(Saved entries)
• • • •
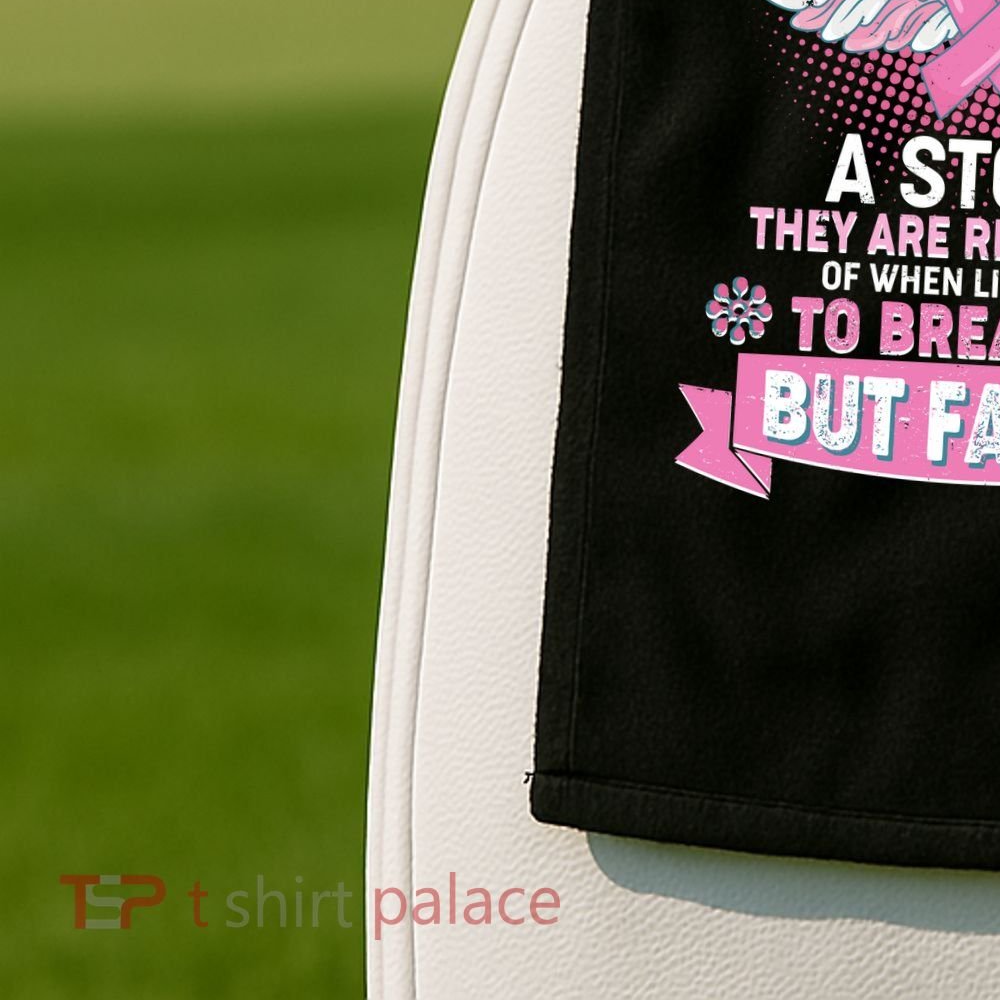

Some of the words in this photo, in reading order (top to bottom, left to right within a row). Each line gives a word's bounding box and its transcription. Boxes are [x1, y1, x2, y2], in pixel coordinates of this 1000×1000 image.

[825, 133, 875, 204] A
[749, 206, 858, 253] THEY
[867, 214, 950, 259] ARE
[821, 260, 860, 291] OF
[869, 264, 963, 296] WHEN
[791, 296, 860, 355] TO
[762, 368, 908, 459] BUT
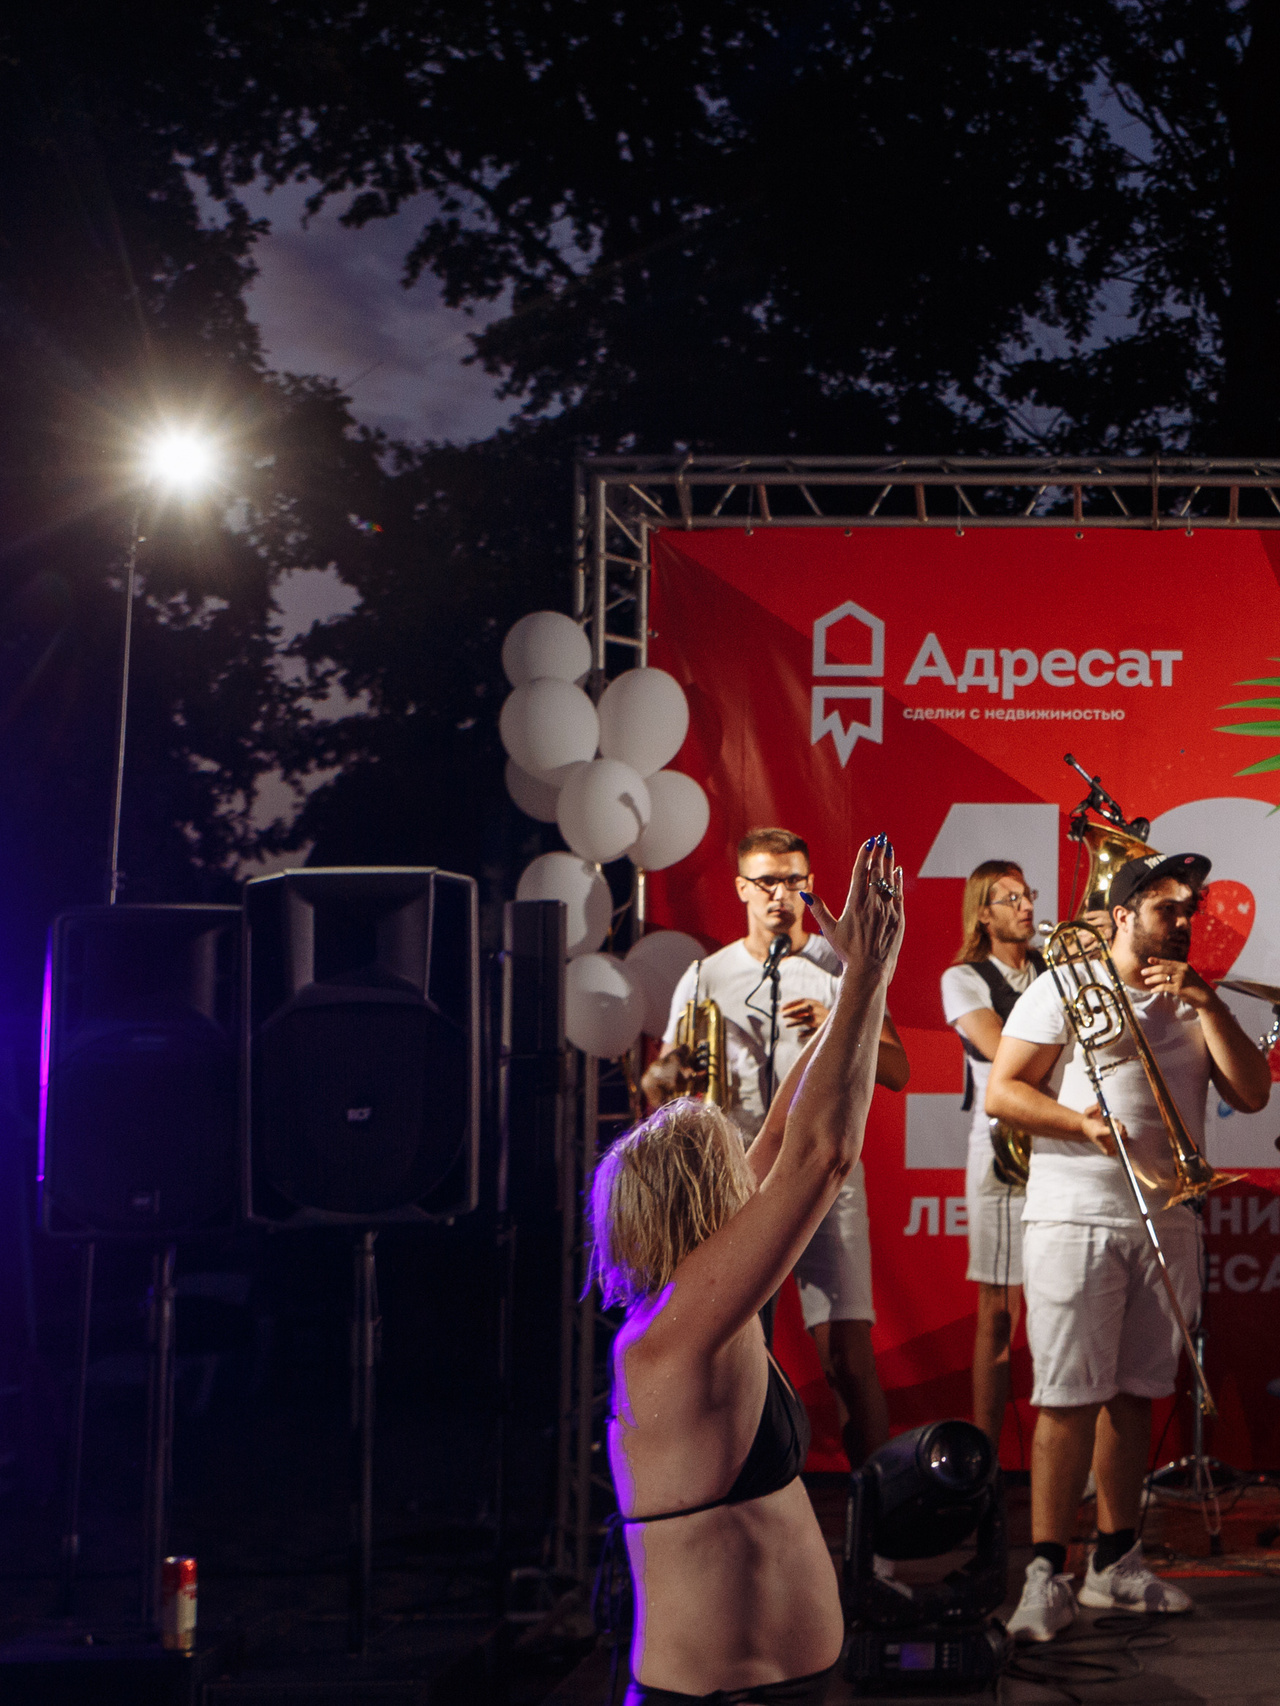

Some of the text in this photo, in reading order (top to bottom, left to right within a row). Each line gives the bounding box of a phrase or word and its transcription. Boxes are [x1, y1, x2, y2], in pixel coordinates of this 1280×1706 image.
• • • •
:: WHAT YOU HAVE TO DO ::
When you copy the entries above, reproduce each line exactly and leave out any pictures.

:: RESPONSE FOR THIS EXERCISE ::
Some of the words in this photo, in reading order (top to bottom, left to right within a row). Each line gives a word's bounding box and its transcription. Boxes are [x1, y1, x2, y2], in pixel coordinates of this 1000×1000 image.

[825, 133, 875, 204] A
[749, 206, 858, 253] THEY
[867, 214, 950, 259] ARE
[821, 260, 860, 291] OF
[869, 264, 963, 296] WHEN
[791, 296, 860, 355] TO
[762, 368, 908, 459] BUT

Some of the text in this photo, in reading order (top to bottom, left to right within a row). Each line gives the bounding box of a phrase or word and its transcription. Boxes are [x1, y1, x2, y2], in pixel coordinates of this 1280×1706 image.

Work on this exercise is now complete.